URI HTTP Method Content Description
<host>/v1/diff/<ID>/left PUT left Base64 encoded string Validate and store left doc
<host>/v1/diff/<ID>/right PUT right Base64 encoded string Validate and store right doc
<host>/v1/diff/<ID> GET - Generates difference if valid parts are present

Further improvements

  • Actuator service for PROD monitoring
  • Docker for deployment
  • Spring security template prod config has been added to illustrate the way of X.509 authentication. Please note that tests and dev profile are left without security for simplification. The one could write integration tests with security implementation. Local dev run could also use predefined certs and security config.
  • Switching spring profiles were used for easy security config
  • Return revison number of DifferenceRecord in PUT response so that client might get an idea if he gets difference for his revision of document.

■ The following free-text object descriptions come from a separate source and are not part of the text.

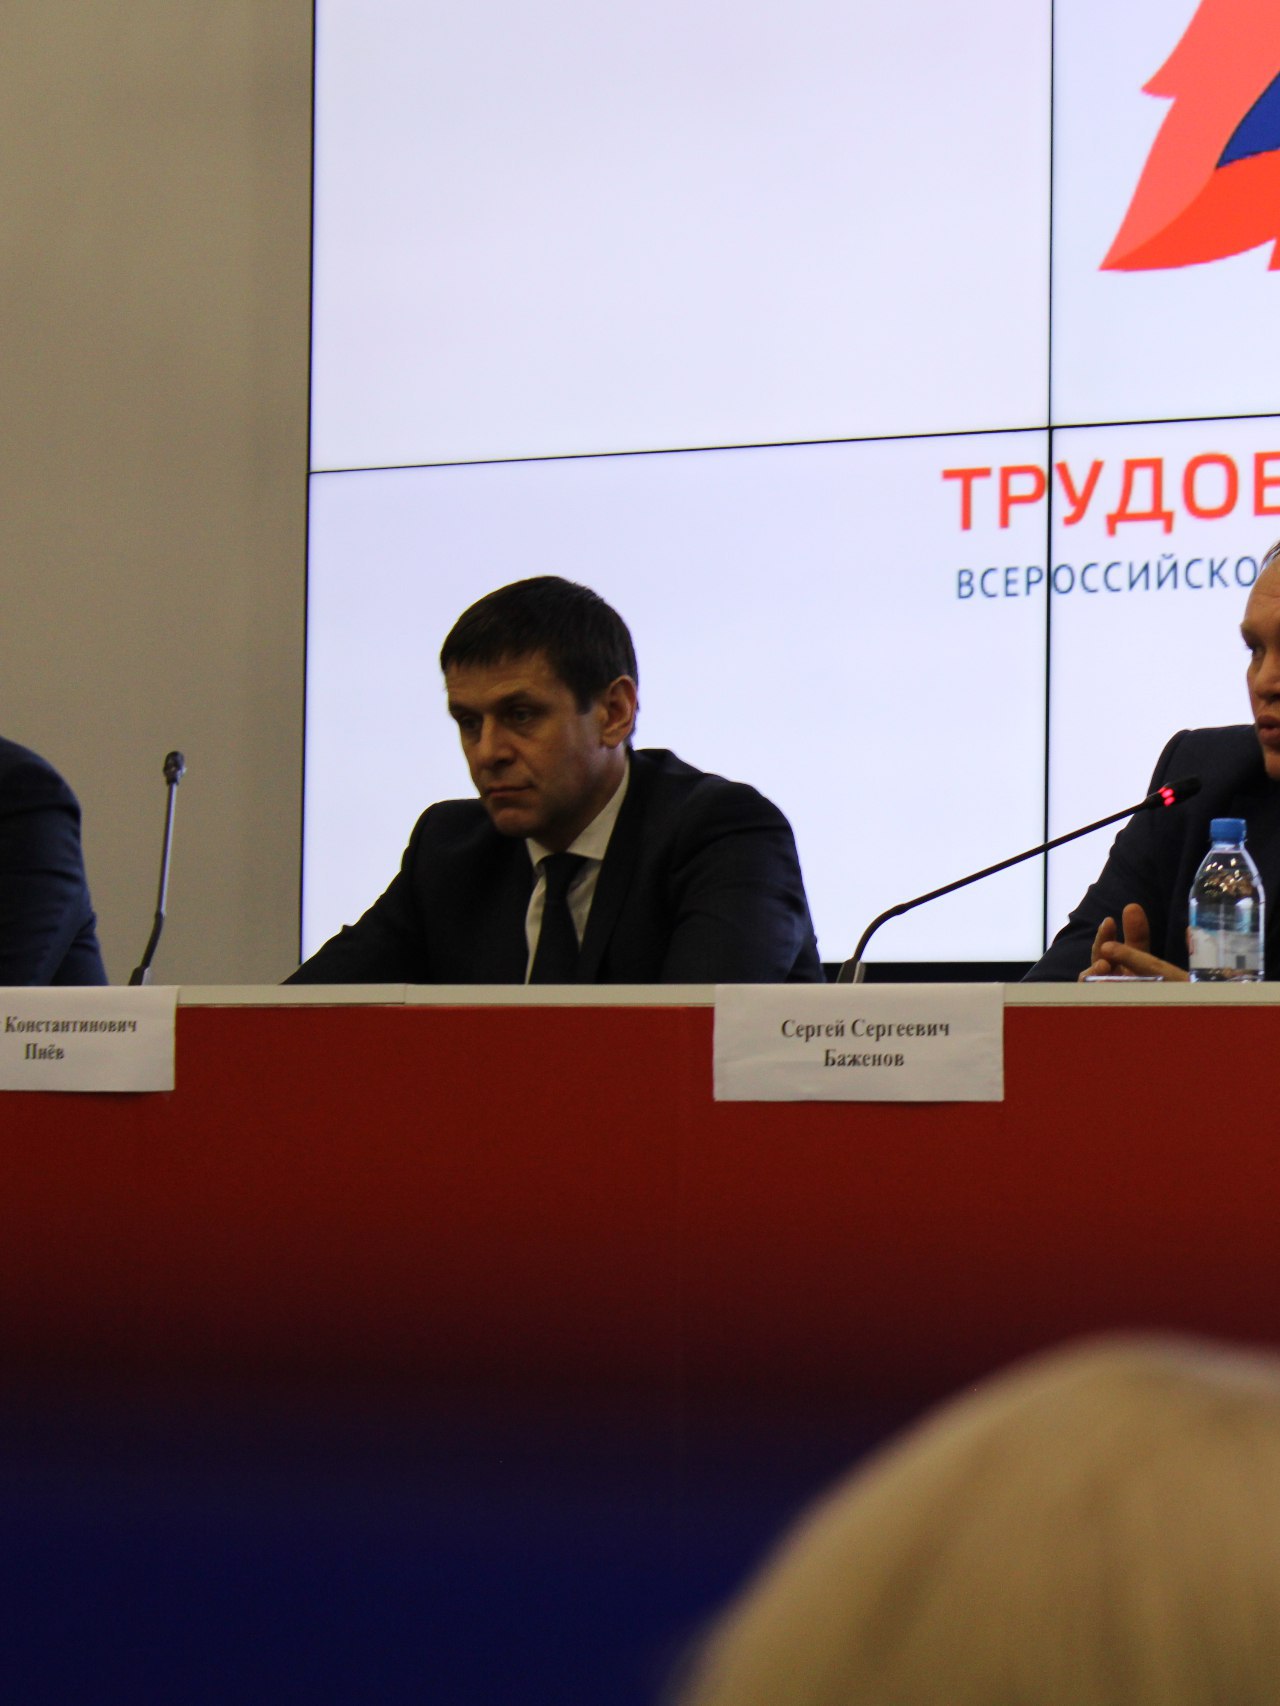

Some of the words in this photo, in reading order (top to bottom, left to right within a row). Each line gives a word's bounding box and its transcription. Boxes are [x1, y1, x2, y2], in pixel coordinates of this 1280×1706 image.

[957, 553, 1258, 599] ВСЕРОССИЙСКО
[4, 1015, 137, 1033] Константинович
[781, 1018, 845, 1042] Сергей
[851, 1018, 950, 1042] Сергеевич
[25, 1042, 65, 1060] Пнёв
[824, 1048, 905, 1067] Баженов
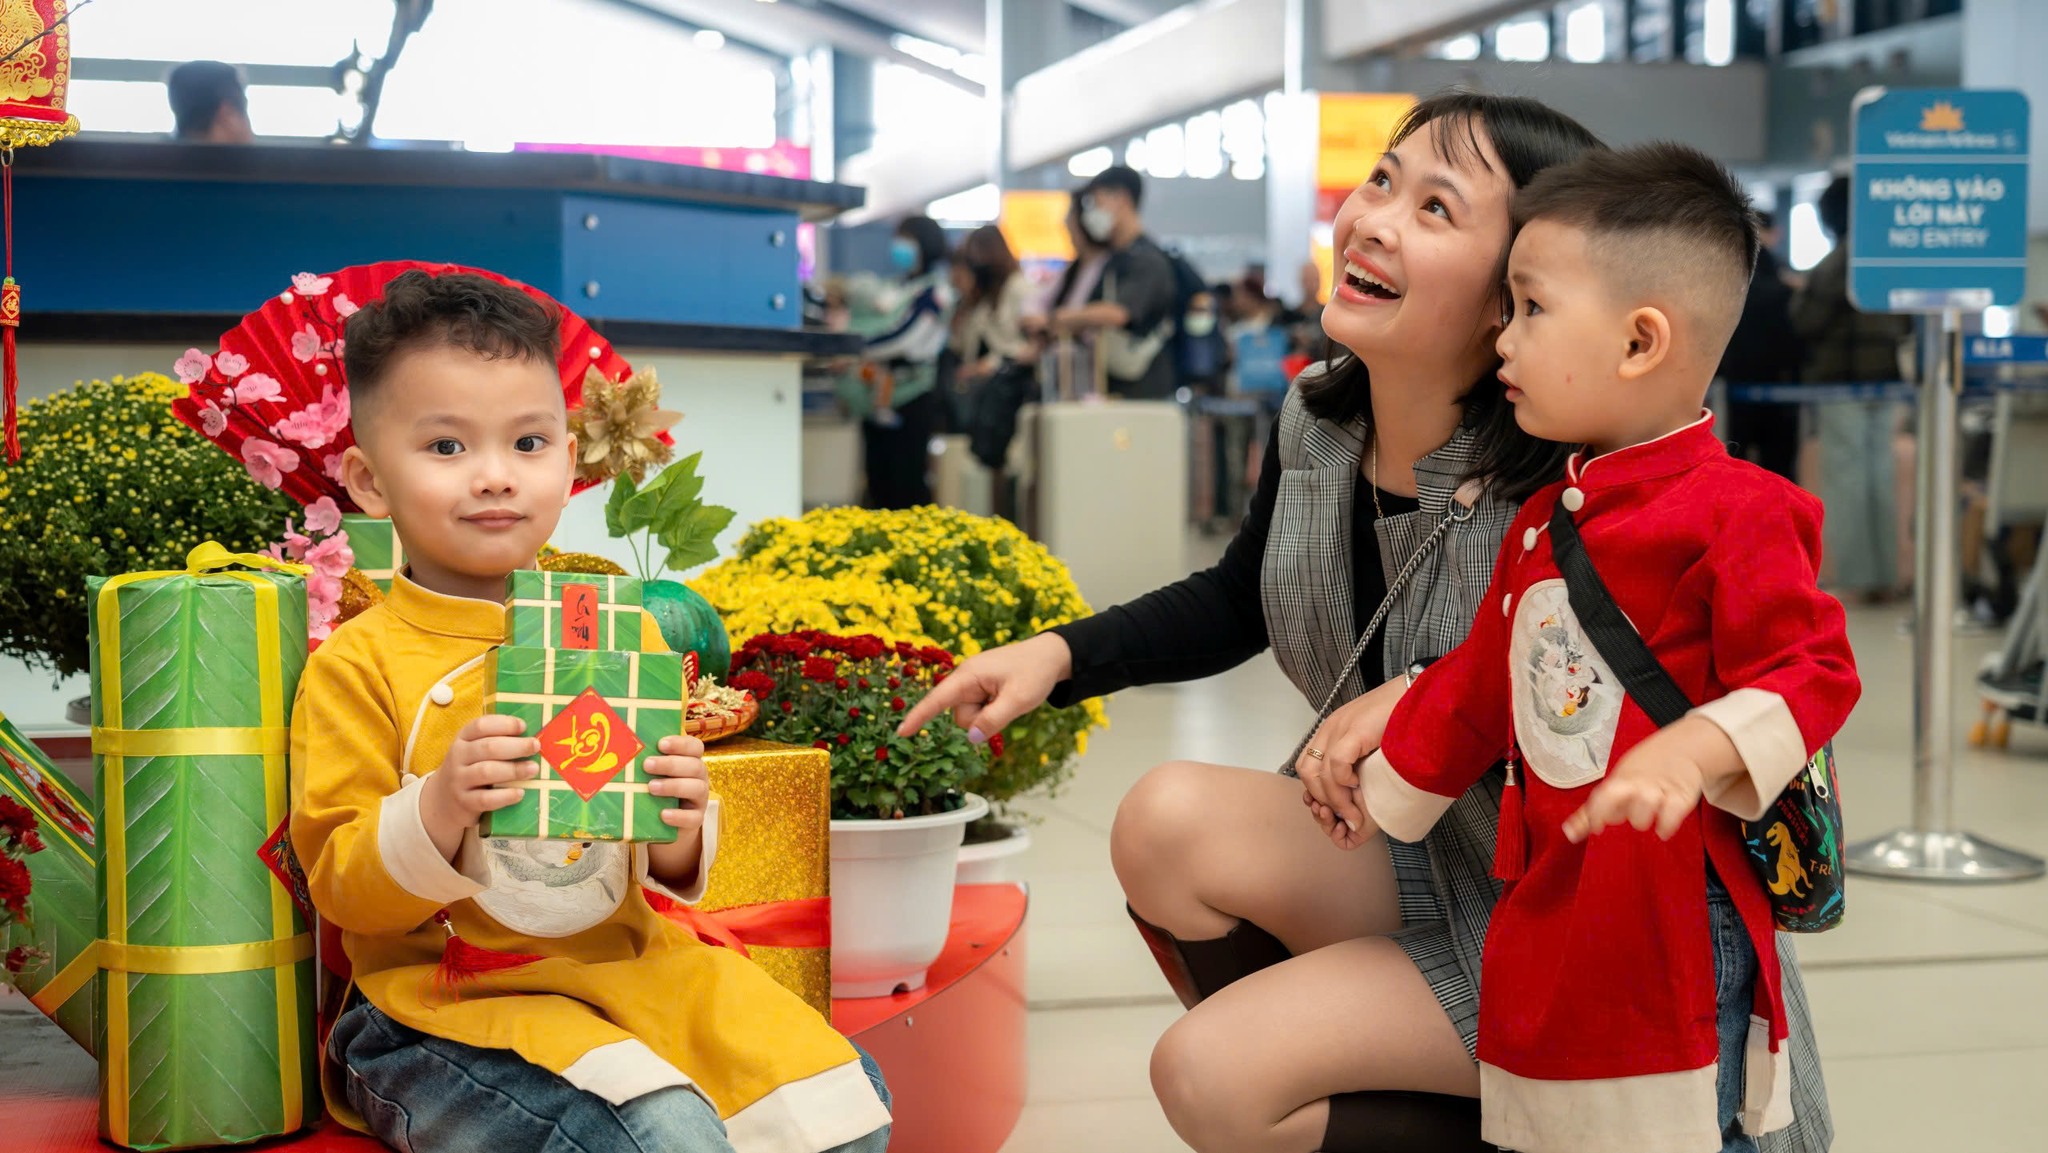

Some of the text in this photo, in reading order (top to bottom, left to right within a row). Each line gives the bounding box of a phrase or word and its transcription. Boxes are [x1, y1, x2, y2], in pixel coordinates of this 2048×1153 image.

[1870, 174, 2005, 201] KHÔNG VÀO
[1888, 227, 1989, 249] NO ENTRY

Keep storing only one revision - last one.
  • MongoDB is NoSQL document-oriented database. It supports easy horizontal scalability with sharding. Such choice will allow us to make service highly scalable in future.
  • In enterprise environment it's better to use one facing balancing service (still with DR), which would proxy actual work to easily scalable service instances like the current one. This facing service could also take all security responsibility (authentication+authorization) and proxy request to DMZ zone where simple services live. Facing balancer could be used for partial deployment also, when part of working nodes are excluded from farm and updated with new software. This allows to avoid downtime.